*EXERCISE AIM*:
Copy the lines below exactly. No picture goes into the copy.

*DATA UNDER STUDY*:
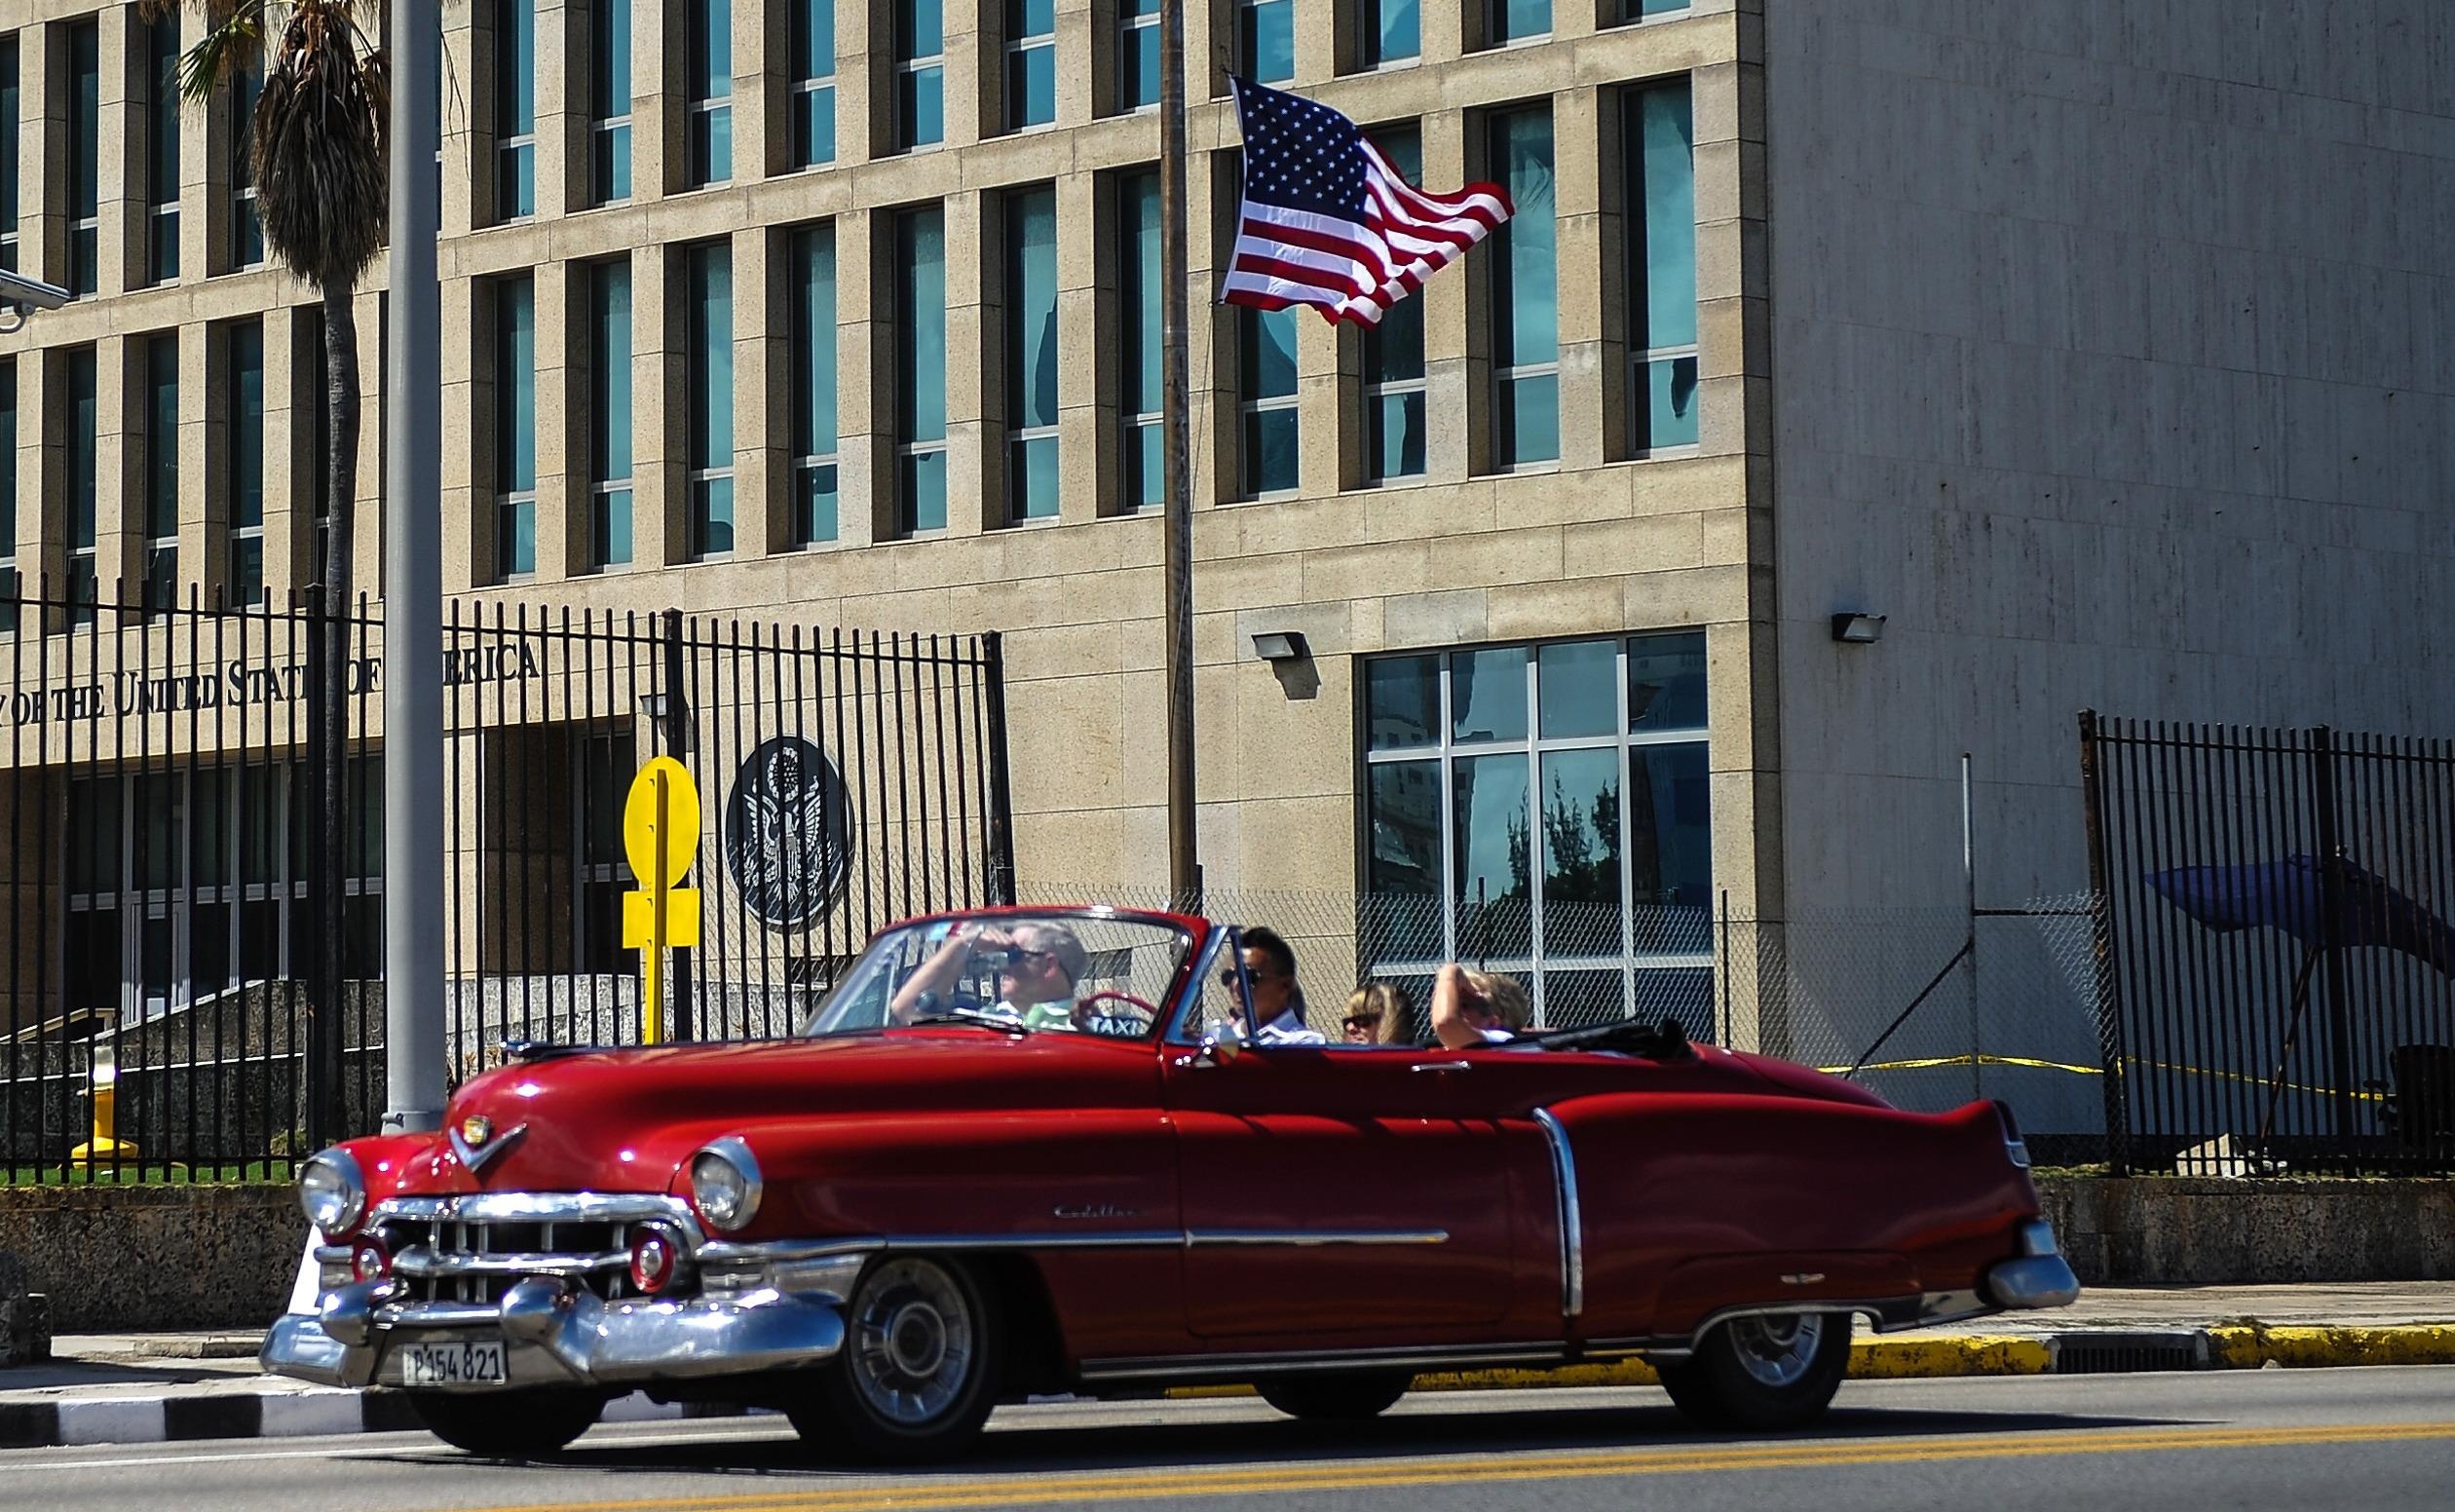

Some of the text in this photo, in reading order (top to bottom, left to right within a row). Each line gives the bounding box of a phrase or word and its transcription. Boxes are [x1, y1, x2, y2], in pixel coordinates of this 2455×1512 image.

[12, 692, 46, 726] OF
[51, 684, 104, 723] THE
[228, 661, 309, 706] STAT
[442, 642, 541, 685] ERICA
[1090, 1015, 1138, 1036] TAXI
[414, 1348, 459, 1381] P154
[463, 1346, 503, 1380] 821

*SOLUTION TO THIS EXERCISE*:
Some of the text in this photo, in reading order (top to bottom, left to right within a row). Each line gives the bounding box of a phrase or word and its transcription. Boxes are [x1, y1, x2, y2], in pixel coordinates of this 2455×1512 image.

[12, 692, 46, 726] OF
[51, 684, 104, 723] THE
[228, 661, 309, 706] STAT
[442, 642, 541, 685] ERICA
[1090, 1015, 1138, 1036] TAXI
[414, 1348, 459, 1381] P154
[463, 1346, 503, 1380] 821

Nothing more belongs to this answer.